The movie's intriguing opening scene is of this lady (played by Lola Lane) having an argument with her blind but sinister ex-husband. There's so much about it that's unusual for an American film of the '40s, it's amazing I tend to forget about this scene. But maybe I only have eyes for Susan Hayward. It's a shame she was never in a really great movie. I think The Lusty Men was probably the best one she was in, or that South American western with Richard Widmark I can't remember the name of. The movies where she was centre stage, Smashup and that prison movie she won an Oscar for, really don't hold up. But she was a great actress.

Criterion Channel also has an amazing Howard Hawks playlist this month, including not only his great screwball comedies (Bringing Up Baby, His Girl Friday) and crime movies (The Big Sleep and Scarface) but even some of his westerns (Red River, Rio Bravo, and The Big Sky). When I get a hankering for a John Wayne movie, it's very rare I can find one on any streaming service. Now I got two of his best at my fingertips. November somehow does seem the right month for old westerns.

Criterion proves again why it remains for me the one indispensable streaming service. I can go months without Netflix or Disney+ but Criterion's always golden. It doesn't hurt that it's about six to ten dollars cheaper than the big boys, too.

Friday, October 31, 2025

Candye'en

Happy Halloween, everyone. Halloween night was last night for me. I had some bourbon and watched Ghostbusters. I thought about getting candy but my sweet tooth seems nonexistent these days. I feel nostalgic about it. I go to the store and look at candy but then when I imagine what it tastes like it's not remotely appealing. Just a few months ago, I was routinely snacking on chocolate bars but the desire seems to have totally vanished.

Halloween candy is very different in Japan. There's a lot of cookies, cakes, and wafers. Candy corn is totally absent. Unlike candy canes, I can't even order candy corn on Japanese Amazon. I don't especially want any, I guess. I can enjoy a candy corn but two of them generally seem to be slightly more than enough for me. Japanese candy is said to be not as sweet as American candy. I'm not sure that's an adequate description of the difference. American candy tends to more of a waxy, oily, or gelatinous quality while Japanese candy tends to a breaded or creamy quality. KitKats are very popular in Japan and they famously come in a variety of unique flavours here.
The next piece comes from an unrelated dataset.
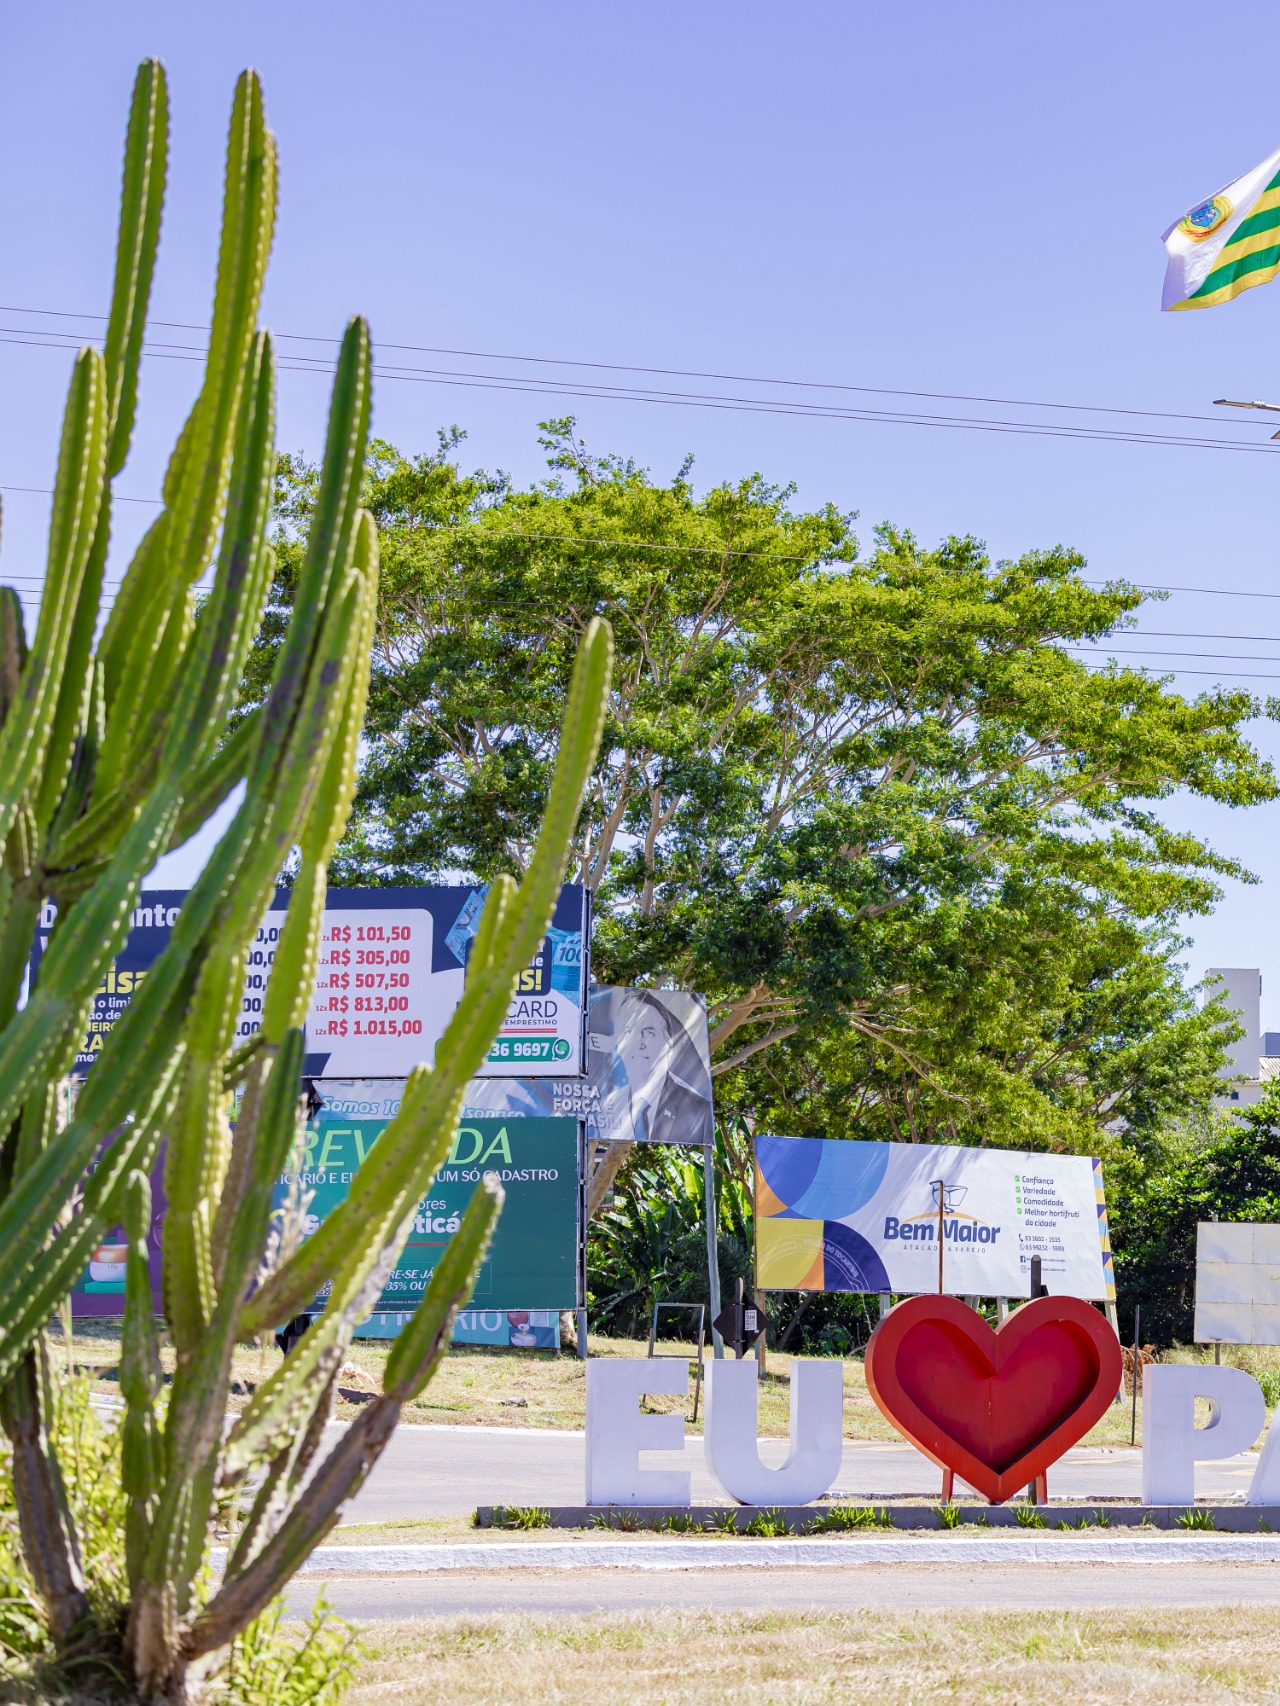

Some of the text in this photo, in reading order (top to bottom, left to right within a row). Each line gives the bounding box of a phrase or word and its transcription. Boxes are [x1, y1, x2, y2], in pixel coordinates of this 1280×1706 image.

The chocolate covered wafers fit in pretty well with home grown Japanese products like Pocky and Melty Kiss.

I've been in the mood to watch a Hammer movie but I always get decision paralysis when trying to pick one and end up watching something else (like Ghostbusters). It's easier to just keep moving forward and watching things I've never seen, I guess.

Thursday, October 30, 2025

The Hallowed Files

Happy Halloween, everyone. Well, it's the 31st here in Japan. I wanted to watch a horror movie last night but there was no time so I just watched another episode of The X-Files instead, "Tooms" from season one. It's a sequel to an episode earlier in the season called "Squeeze" that introduced the character of Eugene Tooms, a man who can stretch and contort his limbs to fit through any space and who eats human livers to maintain his immortality. "Squeeze" was not as solidly written but it was more satisfyingly weird. "Tooms" seems to run out of ideas for Tooms himself and ends up focusing on show mythology and the relationship between Mulder and Scully.

They actually have a flirtatious moment when Scully convinces Mulder to let her take a shift staking out Tooms.

It's really amazing how natural and effective their chemistry already is at this point. The whole "will they or won't they" tension is different from so many other series because there's kind of no tension in it. They're so comfortable with each other and neither one seems especially driven to seek a physical relationship. There's a kind of serenity in their acceptance of whatever permutation their relationship is set to take, perhaps because the problems they routinely deal with seem so big in comparison. Or perhaps they're just so damned cool. I like the artfully placed curl of hair by Scully's mouth.

The X-Files is available on Disney+/Hulu.

Wednesday, October 29, 2025

Your Twisted Academic Career Begins

When I came to Japan in 2020, a new smartphone game was taking the country by storm called Twisted-Wonderland. It's a Disney property developed in Japan and created by Toboso Yana who'd previously made the Black Butler series. Twisted-Wonderland ties not only into Alice in Wonderland but several of Disney's more famous movies (though some of them, like Hercules, are not at all well-known in Japan). The concept seems much closer to Harry Potter, though, as it follows students at a boys' magical university called Night Raven College. Five years after the game was released, the anime adaptation premiered on Disney+ a couple nights ago.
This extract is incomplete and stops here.